In Britain - I believe, as it may have changed since I was there in the early 90s - every doctor works for the NHS. I have to say it was hell and i will avoid having anything to do with it ever again. I'm not sure having British bureaucrats decide on my level of care is any different to having American businessmen doing it.

In Australia you go to private doctors for most things whose costs are paid for or subsidised by Medicare. You can also chose to be a public or private patient in the state run public hospitals.The one big reform that would improve the healthcare situation in Australia is for medicare benefits (which are paid at set levels for specific operations) to be available whether you have your operation in a government or private hospital. This would force the states to improve the fairly dire state of the public hospitals.
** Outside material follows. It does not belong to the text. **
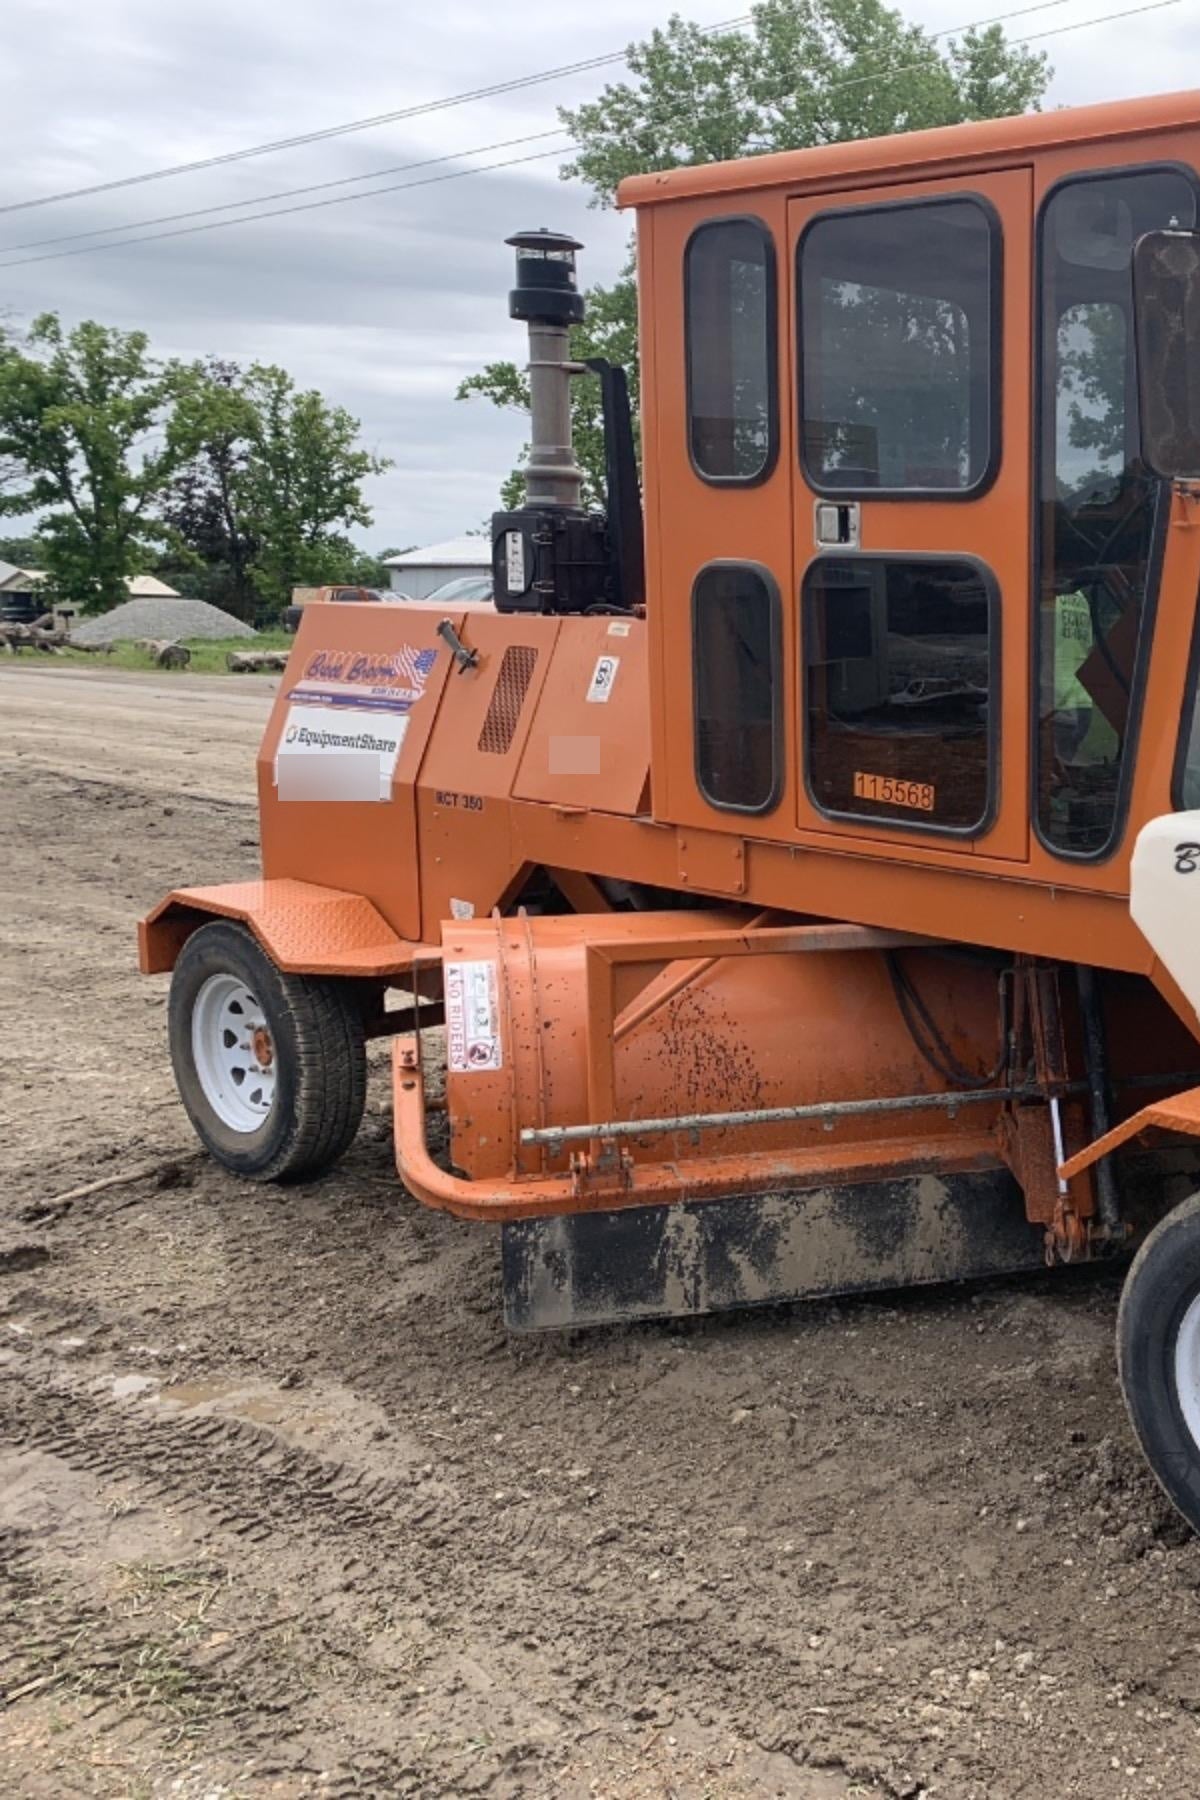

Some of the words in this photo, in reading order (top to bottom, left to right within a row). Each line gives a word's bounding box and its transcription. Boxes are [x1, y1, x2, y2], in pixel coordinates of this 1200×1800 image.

[298, 726, 397, 753] EquipmentShare
[856, 774, 932, 809] 115568
[449, 1005, 464, 1065] RIDERS
However; this whinging round the edges as we have close to the best of both worlds.

gfvella

gfvella

Australia
November 2004

JUN 30, 2009 06:56 PM

s5 said:Whenever I've been to New Zealand and had conversations about health care in America, people there regard our system with the same horror and shock that we would regard sewage treatment in rural India. "How is everyone not already dead?" is a common theme. And, well, people here do die. Murder by spreadsheet at the hands of health insurance corporations.



In New Zealand they even provide free health care for your sheep. It's a socialist-bestialitist paradise tongue

s5

s5

STAFF

San Francisco, CA

JUN 30, 2009 06:57 PM

SergeantPsycho said:
Lemme just add my personal preference for private health care comes from experience.



Awesome. Then keep your private health insurance! That's why it's called a public option. If you don't like the idea of it, don't sign up for it!

s5

s5

STAFF

San Francisco, CA

JUN 30, 2009 06:59 PM

gfvella said:
In New Zealand they even provide free health care for your sheep. It's a socialist-bestialitist paradise tongue



In New Zealand, they just include the sheep under domestic partner benefits.

SPOILERS! (Click to view)

I'm going to be in deep trouble for that one!

gfvella

gfvella

Australia
November 2004

JUN 30, 2009 07:01 PM

s5 said:

gfvella said:
In New Zealand they even provide free health care for your sheep. It's a socialist-bestialitist paradise tongue



In New Zealand, they just include the sheep under domestic partner benefits.

SPOILERS! (Click to view)

I'm going to be in deep trouble for that one!



Let me guess Kiwi partner. Just say you were led astray by an Australian biggrin

SergeantPsycho

SergeantPsycho

USA
January 2007

JUN 30, 2009 07:16 PM

ZakSmith said:

SergeantPsycho said:
Lemme just add my personal preference for private health care comes from experience. etc....



You do realize that:

1) Even if all medicine went public, the expensive good doctors you went to would still exist--they just wouldn't be as expensive.



Oh, how so? If your not going to pay the doctors the same, what's top stop all the Qualified doctors from going into the private practice? If you are going to pay them the same, then you'll need taxpayer money for that (or else hire less doctors, lengthing wait times), and then we'll effectively be paying the same anyways.


ZakSmith said:
2) That if you somehow had some financial emergency in between Medical Incident A and Medical Incident B then you would never have been to afford the expensive good doctor under the current system, but possibly would've under a public system.



In that instance, I'd probably try and negotiate some kind of payment plan for services rendered. (Perhaps a "Medical Loan" industry is a business niche that might be filled).

and

ZakSmith said:
3) The structure of your whole argument is kind of like saying: Everyone in America should eat pancakes instead of hamburgers because the first time I got a hamburger it was overcooked and the first time I got a pancake it was yummy and good.



I'm merely explaining how my personal experience shapes my point of view.

DevilsReject

DevilsReject

Cleveland, OH
February 2007

JUN 30, 2009 07:20 PM

SergeantPsycho said:
In that instance, I'd probably try and negotiate some kind of payment plan for services rendered. (Perhaps a "Medical Loan" industry is a business niche that might be filled).



I'll go ahead and save you the trouble of "trying to negotiate".

Hospitals don't, very few doctors do, my dentist on the other hand does take payments.